I arrived in Austin Sunday afternoon after a very bumpy, turbulence-filled plane ride from California shaken up but undeterred with the upset stomach and the chill in the air. (Not kidding. I must have looked strange wearing my winter coat and hat around town the first 2 nights and I am sure everyone knew I was from the East Coast, but I was freezing!) My first night’s goal was to see Brooklyn’s the Dig play the imgur / Brooklyn Brewery SXSW Interactive party at Clive Bar on Rainey Street, on the far southeast corner of downtown. It should be obvious that any party offering up free booze will translate to a good time, and in this particular case, the good people of the Brooklyn Brewery hosted this night of Brooklyn bands, with punters plied with all the free beer they wanted.

The Dig imgur Brooklyn Brewery party

This night was unusual in the sense that on Sunday before the Music portion of SXSW, the only people in town are Film and Interactive festival attendees, so the vibe was different but cool all the same. Not sure it it was the booze or it was because Interactive was winding down, but the Dig had plenty of fangirls and boys squealing to their music and kicking up their heels to their music. The majority of songs they played were either from 2012’s ‘Midnight Flowers’ or were brand new songs only that night seeing public light of day for the first time, so I felt very special being there for their premiere. The lighting wasn’t great but seeing that it was being supported by imgur, it made sense in the SXSW world that animated images lit up the tent under which they were playing. The next day I also sorted an interview with the band, which we posted on TGTF last week; listen to it here.

[youtube]http://www.youtube.com/watch?v=pzuJ7G6-10U[/youtube]

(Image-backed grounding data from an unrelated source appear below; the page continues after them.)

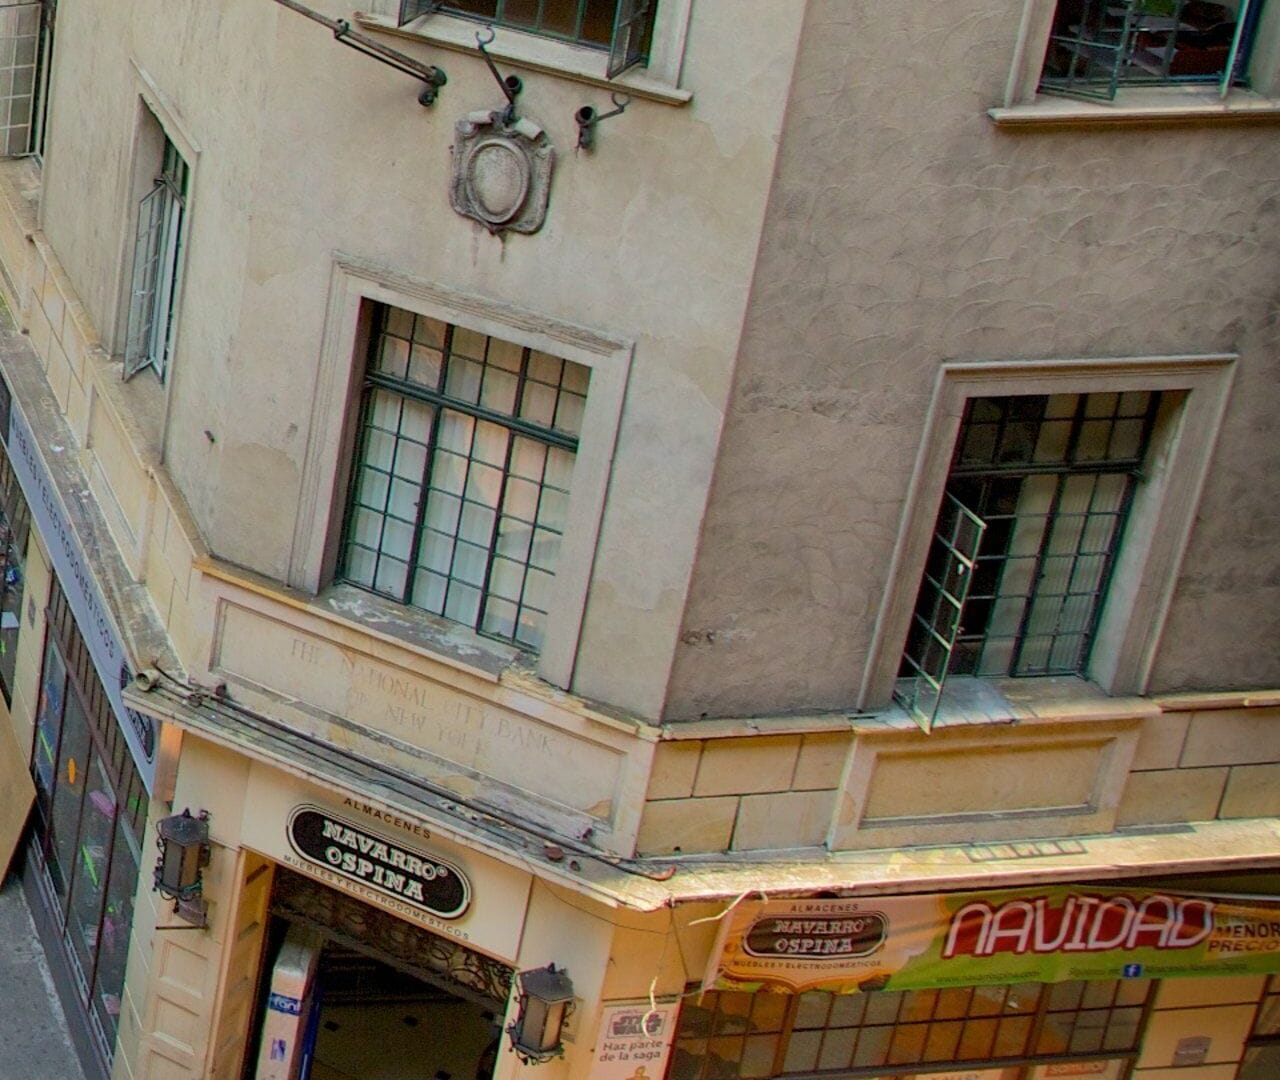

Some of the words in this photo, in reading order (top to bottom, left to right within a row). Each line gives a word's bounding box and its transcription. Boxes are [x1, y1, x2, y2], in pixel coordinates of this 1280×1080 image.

[343, 797, 432, 840] ALMACENES
[322, 819, 438, 881] NAVARRO
[283, 854, 335, 882] MUEBLES
[325, 846, 425, 902] OSPINA
[791, 903, 859, 913] ALMACENES
[772, 919, 865, 935] NAVARRO
[943, 892, 1215, 958] NAVIDAD
[775, 937, 854, 953] OSPINA
[599, 1053, 616, 1062] de
[619, 1052, 629, 1060] la
[634, 1051, 661, 1061] saga
[603, 1043, 626, 1051] Haz
[628, 1040, 663, 1052] parte

Monday was another relatively relaxing day, with few shows going on but really only one showcase I cared to catch. alt-J was playing some showcase on 6th Street and the only reason why I knew this was there a massive queue in the middle of the street and I finally had to stop and ask someone who they were queueing for. (Yawn.) Me? I was headed for the [email protected] showcase at Latitude 30. Not sure why they do this but the Northern Irish contingent likes to have a showcase the night before the festival properly begins, so I was glad I was in town to see it. (According to the video above, they do 2 days at SXSW before going on to Nashville.) The line-up had been up in the air for some time and it was not until I arrived at Latitude 30, the home of the British Music Embassy for the week, that I saw the final bill.

Girls Names SXSW 2013

First up was Belfast’s Girls Names. (No, that’s not a mistake, there is no apostrophe in their name. In an interview coming up soon on TGTF, all will be revealed…) How is it possible that I have not heard of this band before? Guh. It is hard for me to describe what they sound like to anyone else because I had such a visceral reaction hearing them for the first time. A little shoegazey, a little Joy Division-y, a little Smiths-esque, with gorgeous, gorgeous guitars. I cannot overstate how amazing their guitars sounded with Cathal Cully’s dreamy vocals. It reminded me why I stepped away from dance in the last couple of months and have been hankering for guitar music again; there is so much artistry that can be made from a person’s hands on the fretboard of a guitar that too few people in the world truly appreciate. One song had plenty of guitar feedback, with Cully walking straight into his amp; it’s not just for Ritzy Bryan anymore, folks! Check out their new album ‘The New Life’, you won’t be disappointed.

Tim Wheeler SXSW 2013

There had been a rumour that Tim Wheeler sans the rest of Ash would be performing. I think everyone had assumed he would headline the night but he didn’t. As expected he played some of Ash’s major hits, but what was more heartwarming was his closing number, in which he covered the Undertones’ ‘Teenage Kicks’, as if he was offering up a love letter to the Northern Irish music scenes of the past. I chatted with him briefly, telling him I barely recognised him without his beard and him wearing a three-piece suit. He replied glibly, “I like to confuse people!”

Girl from Mars
Burn Baby Burn
A Life Less Ordinary
Oh Yeah
Shining Light
Teenage Kicks (Undertones cover)

The Lost Brothers SXSW 2013

The next band were the Lost Brothers, an Irish duo who, according to their Soundcloud, actually met in a library in Liverpool. They look the part of world-weary folk performers, with their long hair and leather outfits, but they are the real deal, straddling that all too fine line between country and western and folk. Their harmonies are peerless, as if they had been separated at birth and reunited by the stars to make music together. At times they could be bluesy in the Johnny Cash way, and other times they were more straight forward folk. When I was small, my mother had a running joke with my father that country and western songs were either about being in love or having a broken heart. In the case of the Lost Brothers, they have both happy and sad songs, but they are all marked by excellent guitar playing and those all too beautiful harmonies.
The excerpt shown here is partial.